Il faudra codifier les livres de raison, au moins pour les familles qui ont coûtume que l’un des leurs tienne la plume. Que doit-on y consigner ? des éléments de généalogie, de climatologie ? un catéchisme pour les géénrations quand elles ne sont encore que jeunes et à qui l’on dore la pillule, à qui l’on ment sur le grand-père, la grand-mère ou un vieil oncle : de l’édification en lieu d’éducation. J’ai eu ma part du contraire et qu’on ne croit pas que ce ne soit le fait que de ces semaines-ci…

Je ne mettrai donc pas le château en vente, il ne m’appartient pas, même si dès avant notre mariage, j’ai mis à la disposition d’Octave (les classiques dettes fiscales et le la réfection des toitures) ce qui nous vient par ma chère mère des libéralités de Monseigneur le duc d’Orléans, avant qu’il ne tourne à l’usurpateur. On gagne beaucoup d’argent en gérant la fortune des autres, même et surtout si l’on est honnête et rend compte de sa propre rémunération ; je viens de l’écrire à Charles, en lui faisant part des dispositions que je prends, qu’il ne se croit cependant pas quitte. Régis m’avait plu par son aspect physique un peu étonnant, parfois très beau, parfois proche de l’anormal quand il laissait aller un regard que j’ai trouvé un peu fou, notamment pendant la messe. Trop contrainte de partout, et ne s’échappant que par le violon dans une relation enfin égale et apaisée avec sa mère. J’ai été heureuse de rencontrer celle-ci, même si nos arbres généalogiques ne se touchent pas, mais ils se valent. Charles doit reprendre le projet où l’a laissé – posthume – son gendre de quinze jours, et se lancer dans la finance éthique. Cela fera jaser et l’on criera en commission des opérations de bourse au montage d’une officine destinée à des blanchiements, surtout s’il garde la chalandise des pieux établissements que notre défroqué avait commencé de gagner. Avec feu mon mari, Charles a ceci de commun – c’est bien le seul trait – qu’il ne se soucie pas de l’argent : Octave en a plus donné dans sa vie qu’il n’en a reçu, émoluments et divers honoraires compris.

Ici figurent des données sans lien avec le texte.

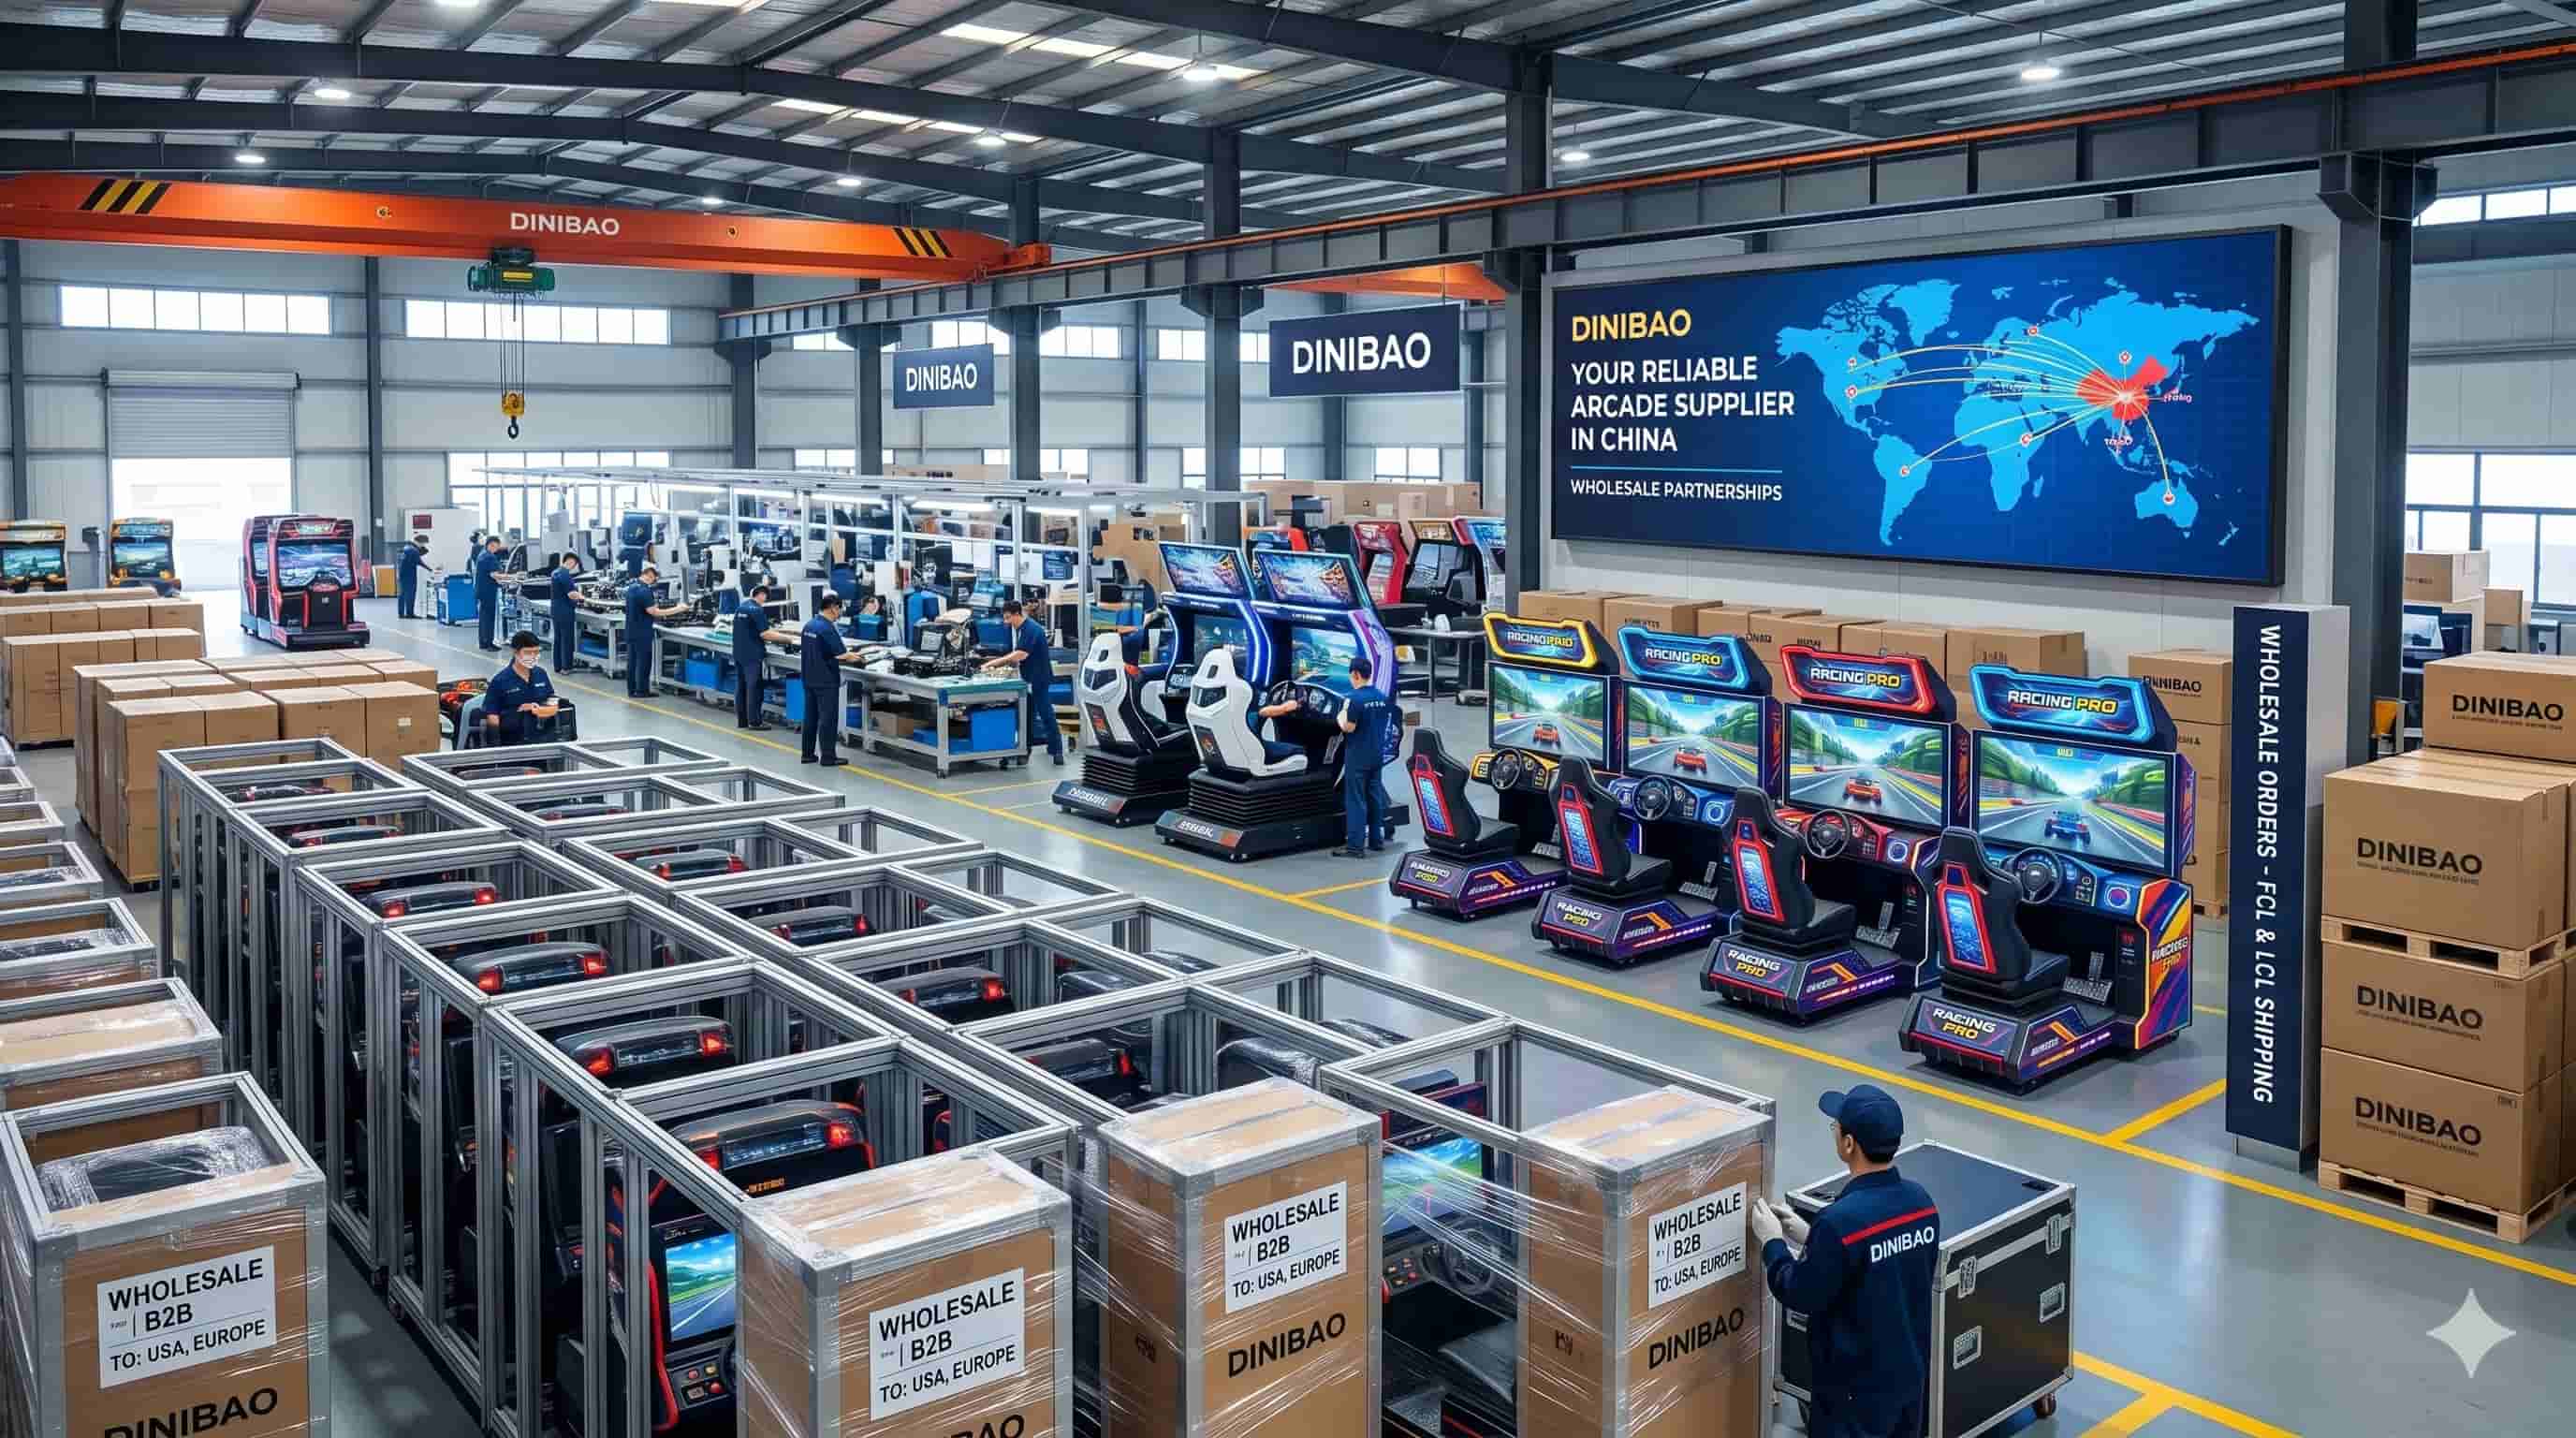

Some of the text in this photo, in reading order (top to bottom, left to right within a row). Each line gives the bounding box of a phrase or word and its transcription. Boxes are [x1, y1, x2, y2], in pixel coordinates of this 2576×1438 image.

Le peu qu’il me laissait en communauté a permis de financer Toujounine, et c’est moi qui en sous-main, sans qu’il s’en soit, je crois, douté, ai contribué à ce que Patrice n’ait pas à racheter trop onéreusement Reniac. Le montage d’une location désormais par l’association dont son père avait fait son héritier en partie, paye le reste.

Je ne me crois nullement providentielle, ni celle par qui tout arrive – ce mot de Charles, et son interrogation sur lui-même ; je ne crois pas non plus à des plans divins dès ici-bas, nous avons à nous remuer nous-mêmes. J’eusse apprécié d’être davantage rencontrée par les circonstances. Abriter quelques soi-disant maquisards dans la forêt des Mahrande ne m’a pas fait risquer grand-chose et la photographie du Maréchal ou les séjours ici de Brasillach ont été, à la Libération, un risque rétrispectif bien plus grand. Je n’ai pas même à mon mari, dit qui j’avais herbergé sous prétexte que c’était un aumônier ayant à sillonner la région pour de bonnes œuvres ; il en avait été étonnée car la calotte n’est pas le genre d’une petite fille de huguenots et de camisars, côté femme et côté homme. C’était P… qui depuis a été ministre et surtout a taillé des croupières à tous ceux qui voulait faire de Jean Moulin un infiltré et donc du Général une dupe des communistes. C’est sans doute cela qui m’a valu de celui-ci la magnifique et unique photographie que j’ai non loin de cette table à écrire – époque Mazarin – sur laquelle je me penche une dernière fois, puisqu’elle appartient désormais, à l’occasion de son mariage, à ma petite-fille. En tout cas, Bernard Tricot avait tenu d’Etienne Burin des Roziers la reconnaissance que de Gaulle avait contractée envers moi, sans jamais me l’avoir écrit, pour avoir abrité P… et sans doute aussi beaucoup d’archives car la chambre qui était la sienne et que j’occupe à présent, la seule d’où puisse du balcon plonger dans la douve et s’abriter sous le surplomb, était encombrée de cantines, bien trop nombreuses et lourdes pour un porteur des derniers sacrements.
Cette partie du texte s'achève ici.